=== Begin Enclosure ===

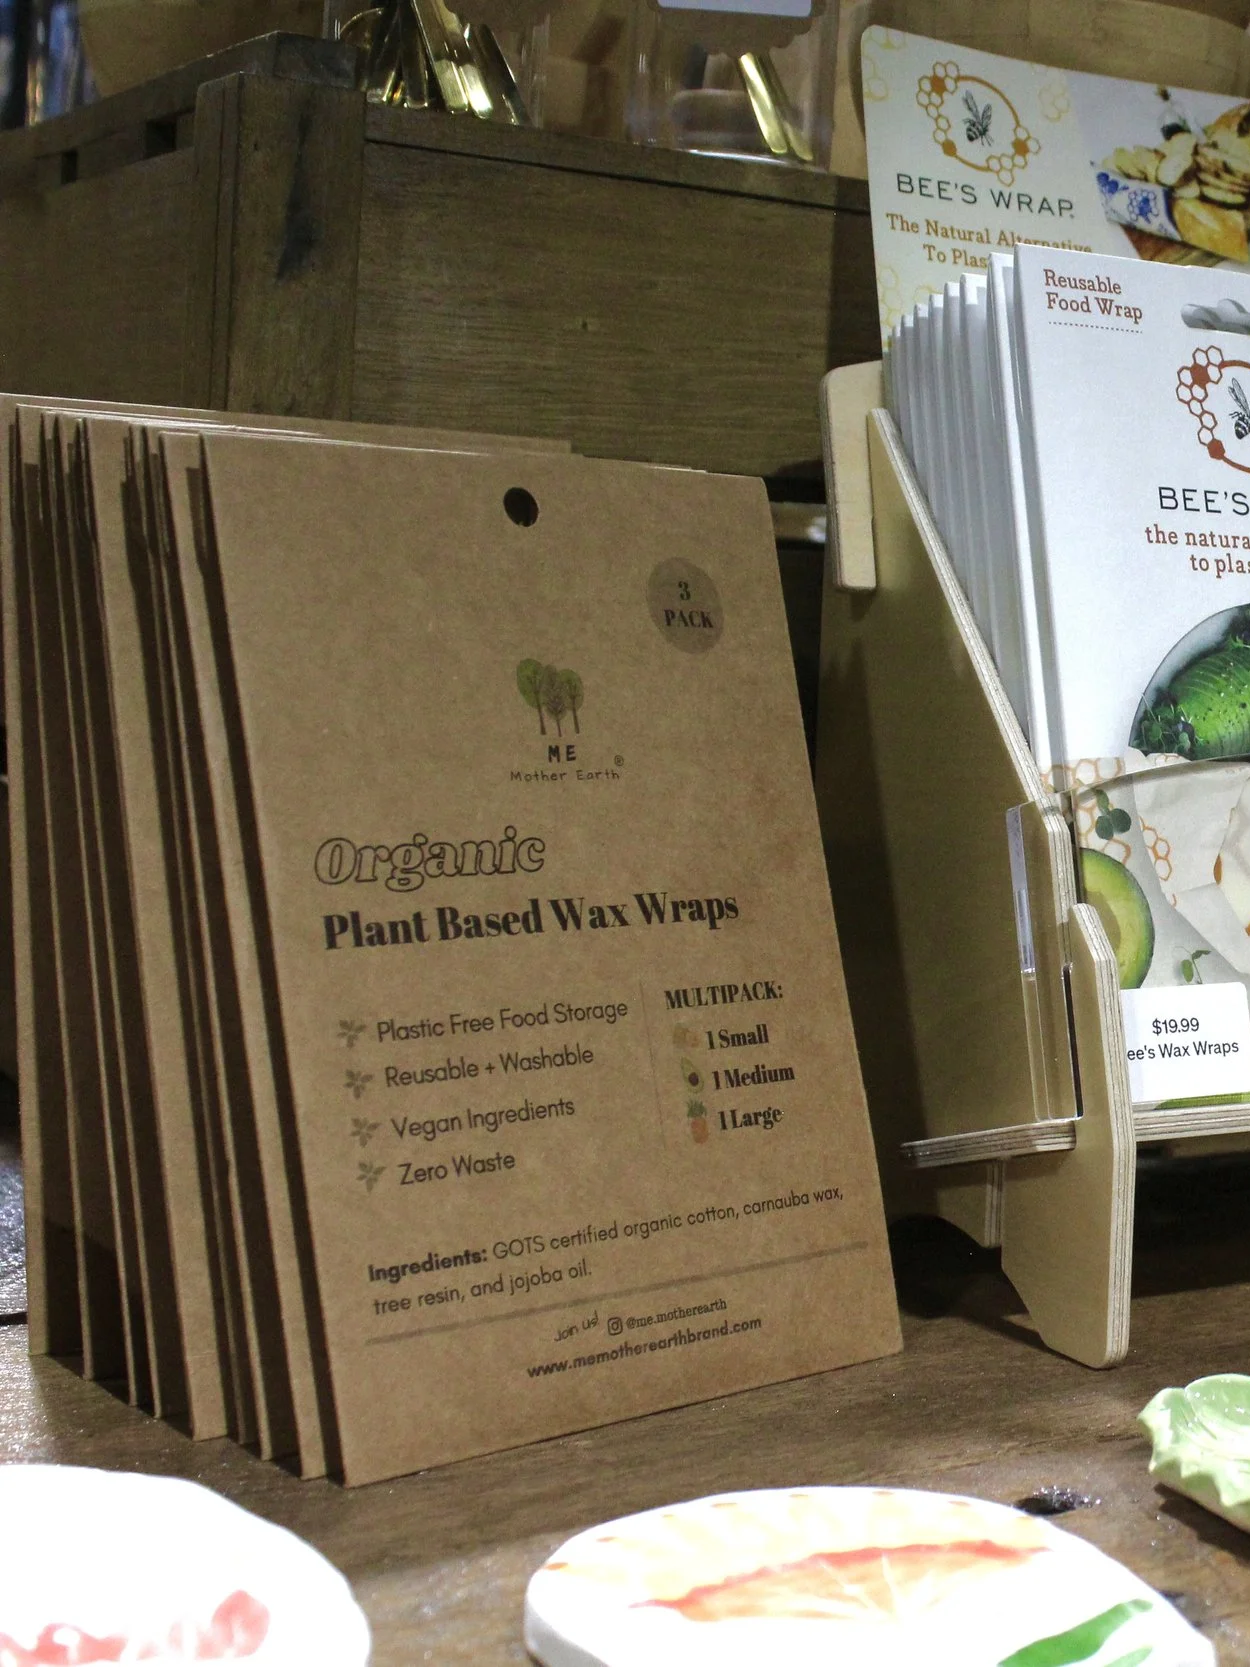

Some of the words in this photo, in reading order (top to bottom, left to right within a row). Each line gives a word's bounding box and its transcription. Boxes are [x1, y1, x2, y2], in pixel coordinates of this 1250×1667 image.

[896, 173, 978, 205] BEE'S
[886, 213, 920, 233] The
[925, 219, 991, 245] Natural
[923, 244, 947, 264] To
[952, 249, 989, 270] Plas
[1043, 269, 1122, 295] Reusable
[1046, 292, 1091, 314] Food
[1095, 297, 1143, 325] Wrap
[1158, 486, 1250, 516] BEE'S
[1144, 524, 1179, 546] the
[1190, 554, 1210, 572] to
[678, 580, 691, 601] 3
[664, 609, 714, 629] PACK
[510, 770, 567, 782] Mother
[314, 825, 547, 893] Organic
[322, 911, 430, 950] Plant
[437, 899, 544, 942] Based
[549, 898, 631, 932] Wax
[633, 891, 740, 930] Wraps
[664, 981, 784, 1011] MULTIPACK:
[377, 1020, 445, 1043] Plastic
[449, 1013, 495, 1036] Free
[499, 1005, 549, 1030] Food
[553, 1000, 629, 1025] Storage
[1152, 1017, 1199, 1036] $19.99
[706, 1030, 716, 1050] 1
[718, 1024, 769, 1048] Small
[1126, 1045, 1156, 1060] ee's
[1158, 1043, 1190, 1058] Wax
[1193, 1040, 1239, 1057] Wraps
[384, 1058, 479, 1088] Reusable
[484, 1062, 495, 1075] +
[499, 1044, 594, 1073] Washable
[712, 1070, 723, 1090] 1
[724, 1065, 796, 1089] Medium
[391, 1109, 462, 1142] Vegan
[467, 1098, 576, 1134] Ingredients
[717, 1111, 729, 1131] 1
[730, 1106, 784, 1132] Large
[399, 1161, 448, 1186] Zero
[451, 1151, 516, 1178] Waste
[368, 1246, 488, 1284] Ingredients:
[493, 1235, 546, 1260] GOTS
[550, 1221, 619, 1251] certified
[623, 1214, 683, 1240] organic
[686, 1203, 741, 1227] cotton,
[743, 1192, 811, 1217] carnauba
[813, 1186, 845, 1204] wax,
[373, 1297, 412, 1315] tree
[417, 1286, 465, 1308] resin,
[470, 1276, 504, 1299] and
[509, 1266, 564, 1296] jojoba
[568, 1258, 593, 1280] oil.
[553, 1324, 579, 1342] Join
[626, 1298, 728, 1330] @me.motherearth
[527, 1317, 763, 1378] www.memotherearthbrand.com

=== End Enclosure ===

Looking back over the listing above, how many lines include the word "Wraps"? Give the number and nothing more.

> [Output below]: 2